Google Cloud takes infrastructure security seriously, and this is the reason why GKE control plane upgrades are applied periodically, and why there is no option to disable this. In my experience, in most cases this happened without any issues. But after a recent upgrade of one of GKE clusters, I started seeing the following warnings in the Google Cloud console.
These warnings caused by some clients that still is trying to use the autoscaling/v2beta2 API version of the Horizontal Pod Autoscaler, which was officially deprecated in 1.26. A quick update of the HPA manifests to use the current autoscaling/v2 API version didn’t solve the problem - the Google Cloud console still shows that the deprecated calls are happening.

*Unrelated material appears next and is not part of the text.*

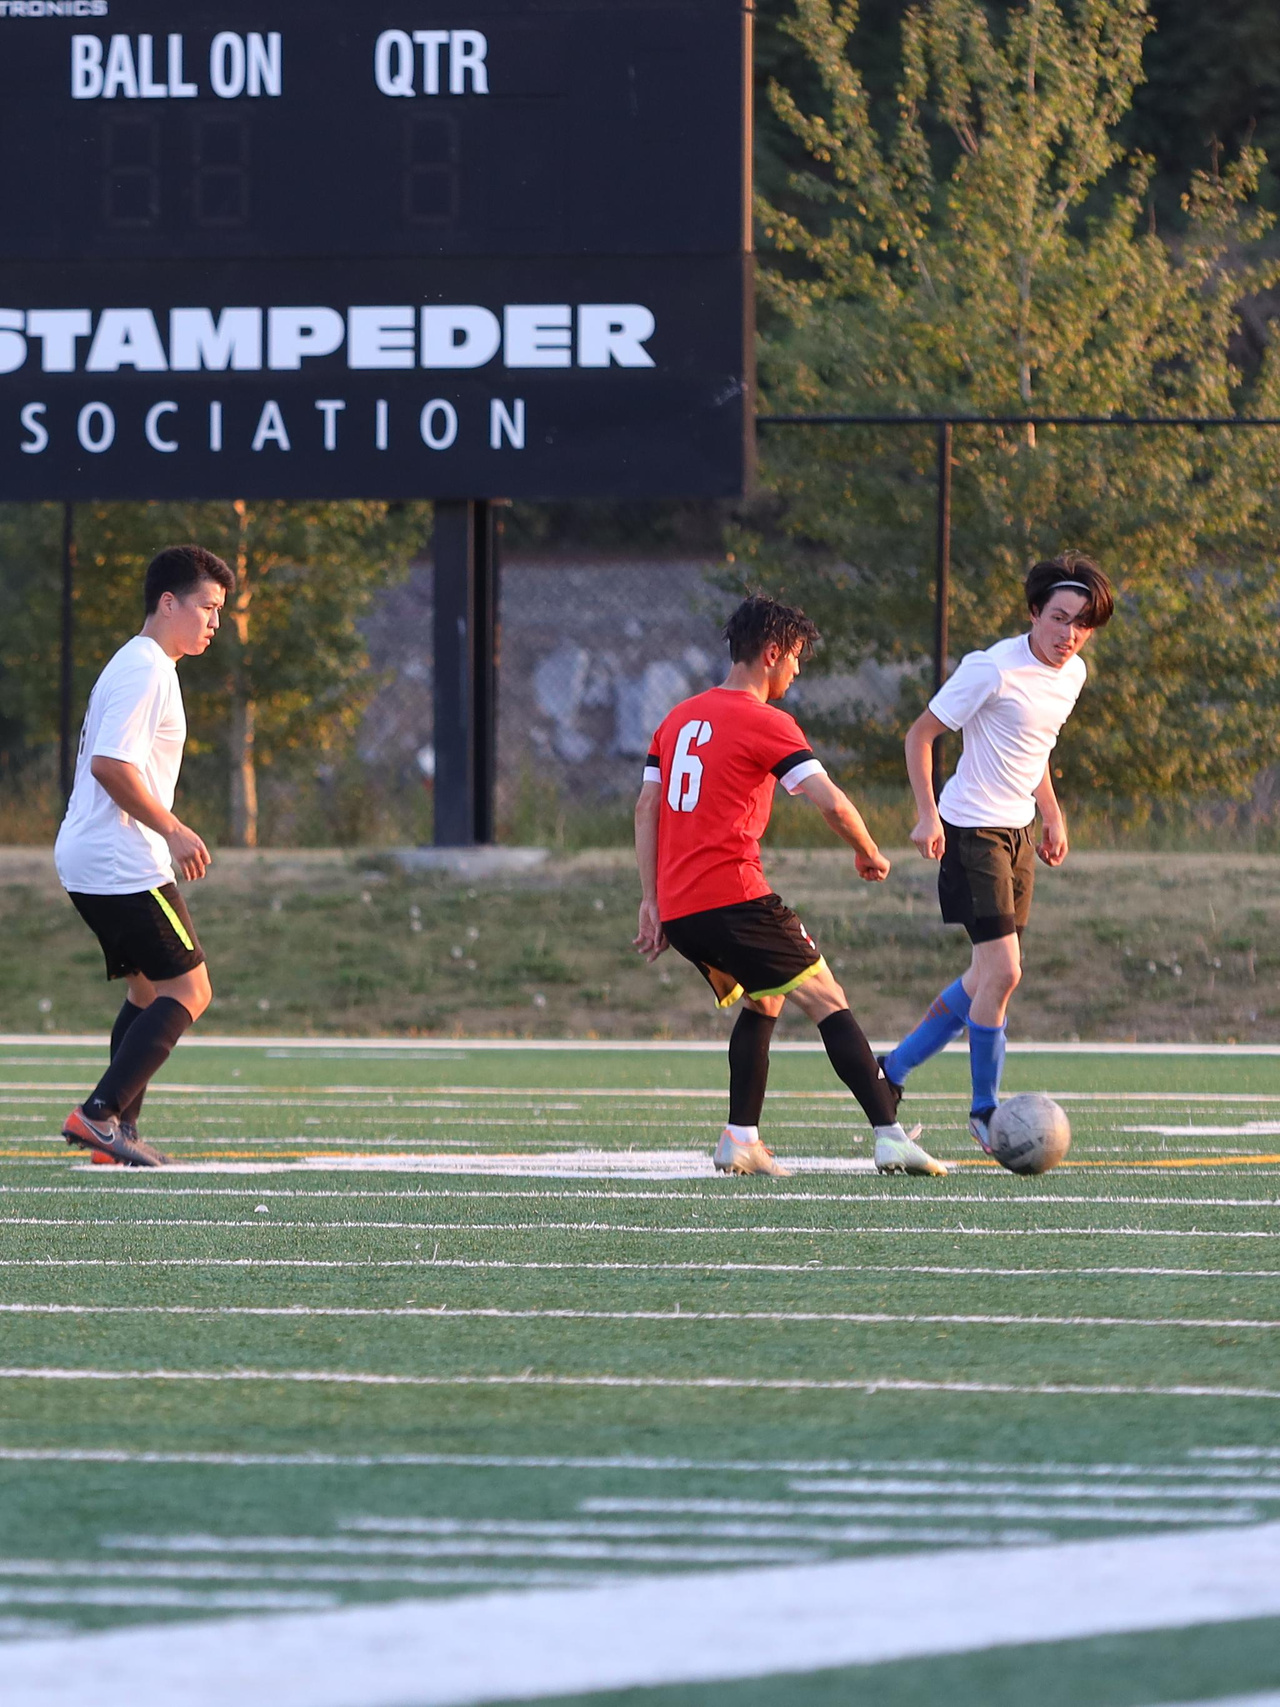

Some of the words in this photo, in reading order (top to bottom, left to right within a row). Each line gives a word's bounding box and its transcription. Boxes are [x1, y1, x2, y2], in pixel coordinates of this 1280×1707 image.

So, I started reviewing the GKE audit logs to see if I could determine which client was making these calls. But, all I found was that the logs only captured my own attempts to update the HPA. It turns out that GKE audit logs, by default, include only the “Admin Write” operations that write metadata or configuration information.

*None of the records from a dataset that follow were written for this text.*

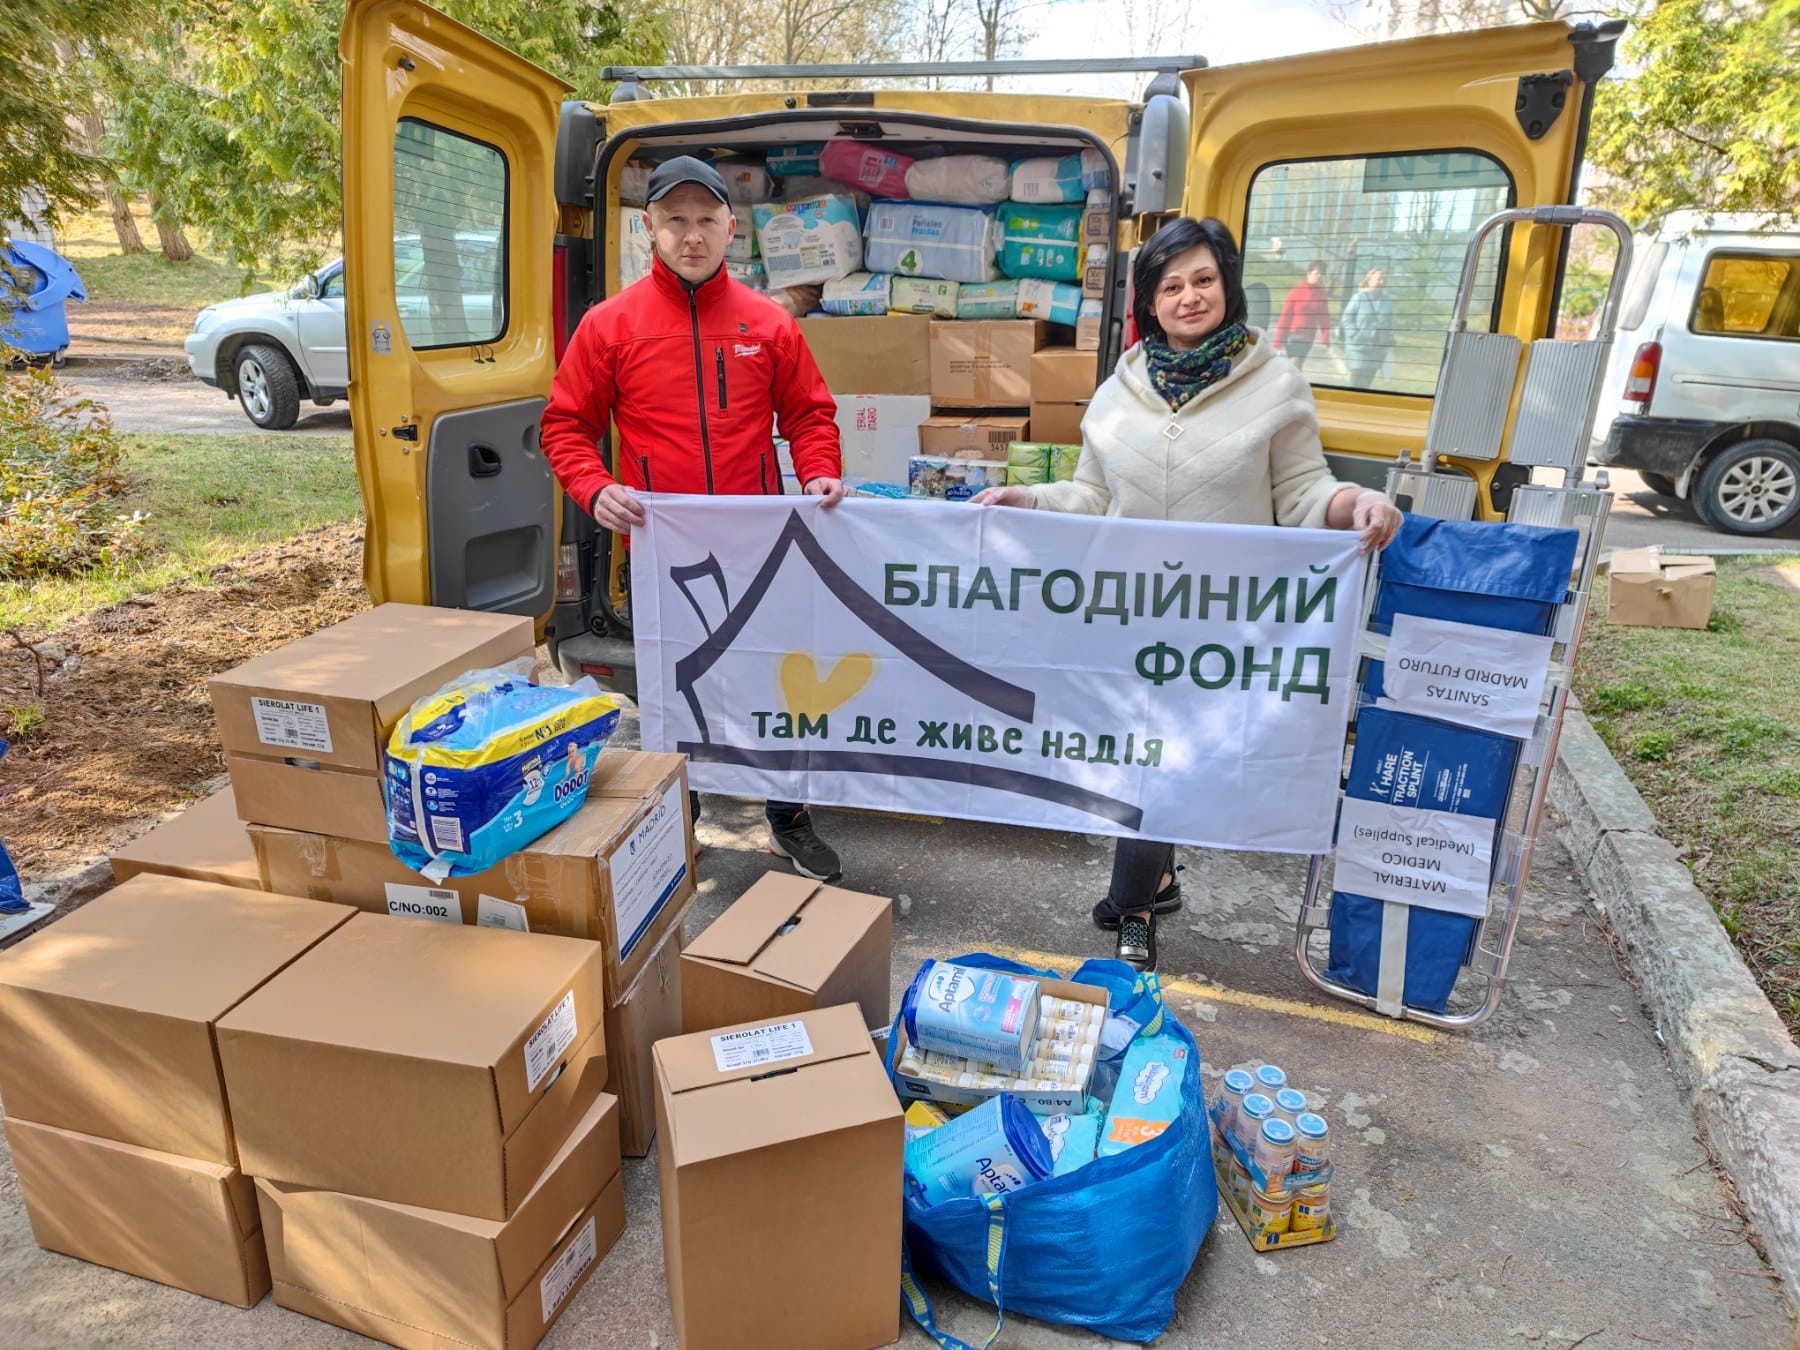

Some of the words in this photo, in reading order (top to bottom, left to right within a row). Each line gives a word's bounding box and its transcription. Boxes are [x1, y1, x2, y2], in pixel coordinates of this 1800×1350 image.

[901, 250, 917, 272] 4
[884, 560, 1338, 626] БЛАГОДІЙНИЙ
[1134, 641, 1331, 705] ФОНД
[1399, 657, 1461, 679] FUTURO
[1464, 667, 1528, 689] MADRID
[258, 699, 295, 710] SIEROLAT
[296, 704, 314, 713] LIFE
[1426, 684, 1490, 707] SANITAS
[751, 711, 829, 740] там
[846, 715, 897, 745] де
[916, 719, 1024, 756] живе
[1041, 725, 1165, 768] надія
[1381, 753, 1398, 786] HARE
[1393, 750, 1415, 803] TRACTION
[1406, 761, 1424, 798] SPLINT
[554, 770, 590, 802] DODOT
[513, 810, 523, 828] 3
[638, 804, 666, 844] MADRID
[1353, 824, 1413, 846] Supplies)
[1416, 837, 1475, 857] (Medical
[1381, 851, 1441, 872] MEDICO
[1373, 870, 1447, 893] MATERIAL
[389, 900, 448, 917] C/NO:002
[938, 966, 967, 1013] Aptamil
[720, 1028, 766, 1042] SIEROLAT
[769, 1024, 789, 1033] LIFE

In order to review the operations for reading metadata or configuration information/user-provided data, I need to explicitly enable the “Admin Read” and “Data Read” audit log types for the Kubernetes Engine API.

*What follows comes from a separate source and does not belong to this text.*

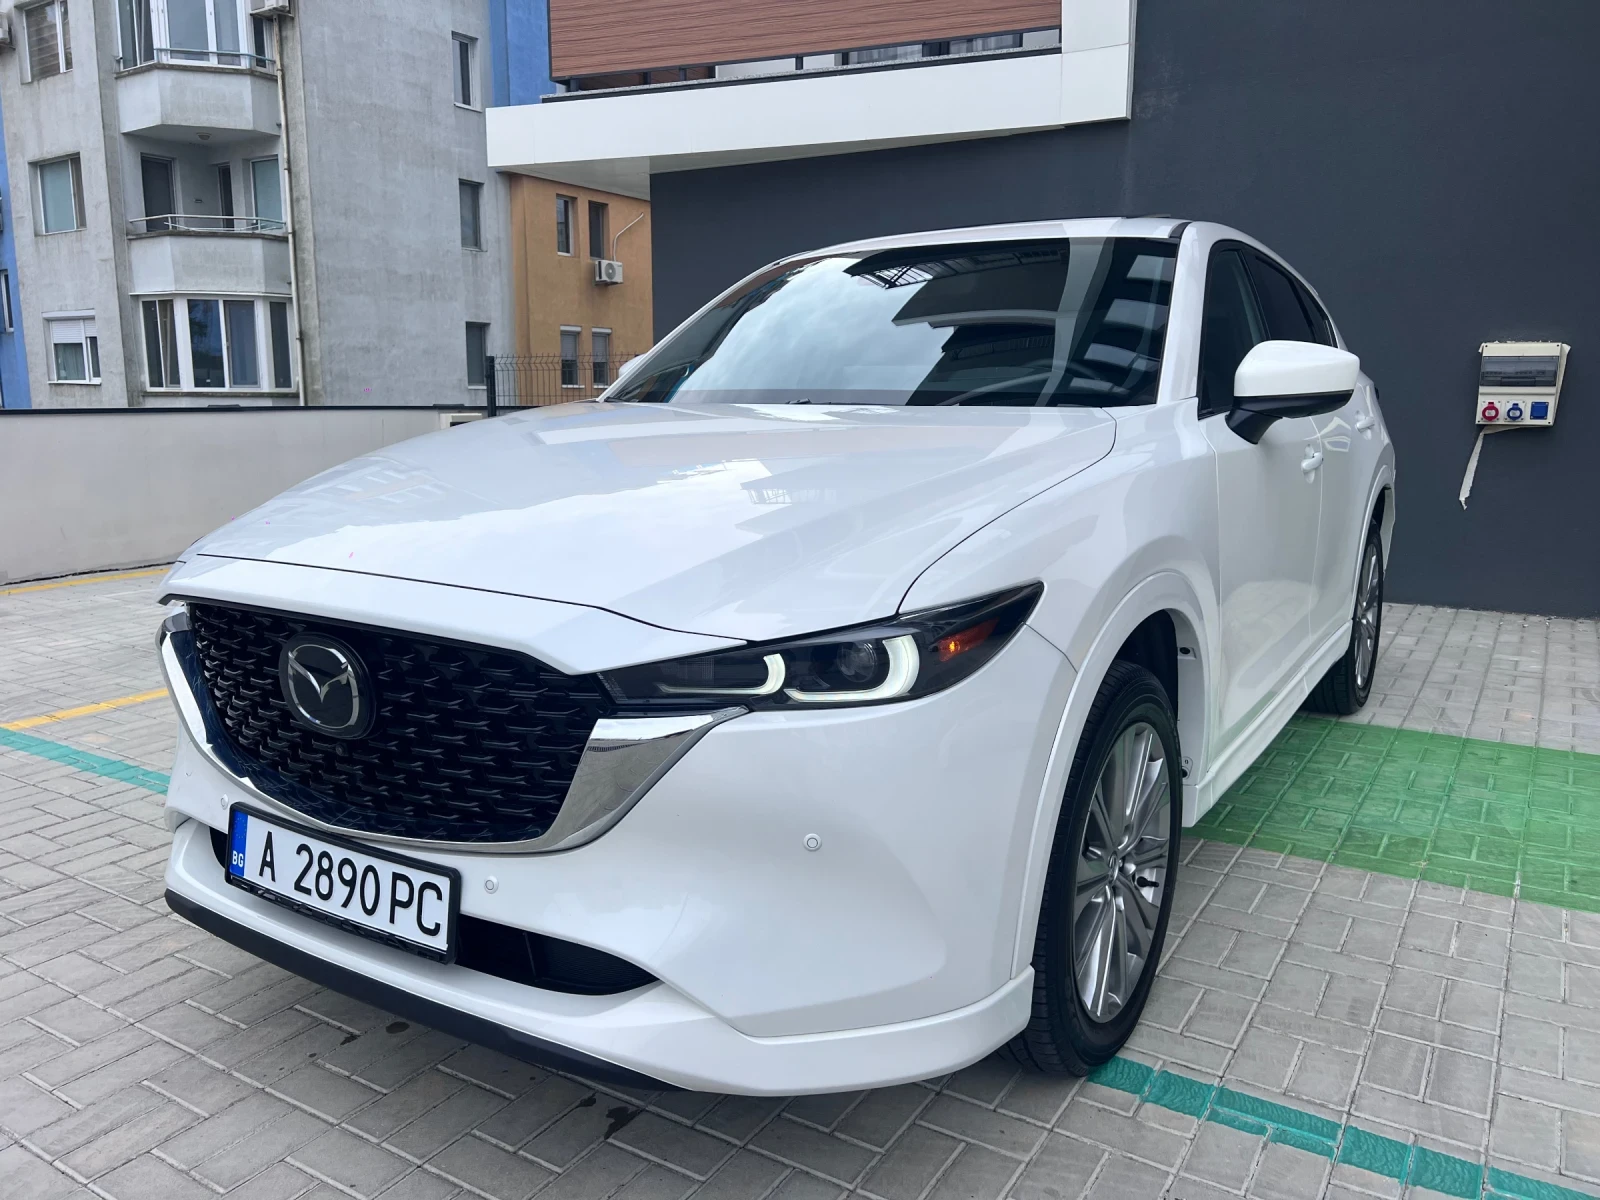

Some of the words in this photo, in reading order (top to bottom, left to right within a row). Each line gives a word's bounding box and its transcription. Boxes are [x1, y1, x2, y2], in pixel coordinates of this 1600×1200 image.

[232, 849, 244, 868] BG
[258, 830, 276, 882] A
[293, 843, 381, 917] 2890
[389, 871, 443, 937] PC

I turned on these logs for a short time (since it adds extra logging costs) and found out that the warnings came from the kube-state-metrics agent, which was part of the kube-prometheus-stack Helm chart we installed.
Updating the agent as recommended in the compatibility matrix resolved the issue and got rid of the warnings about using deprecated API calls.
Even though we didn’t face any major problems this time, having a similar situation in another GKE cluster with an outdated KEDA that scales our production workloads shows why it’s important to keep an eye on Kubernetes cluster, even in managed environments like GKE, and proactively update Kubernetes versions to avoid potential problems that might be caused by deprecated API calls.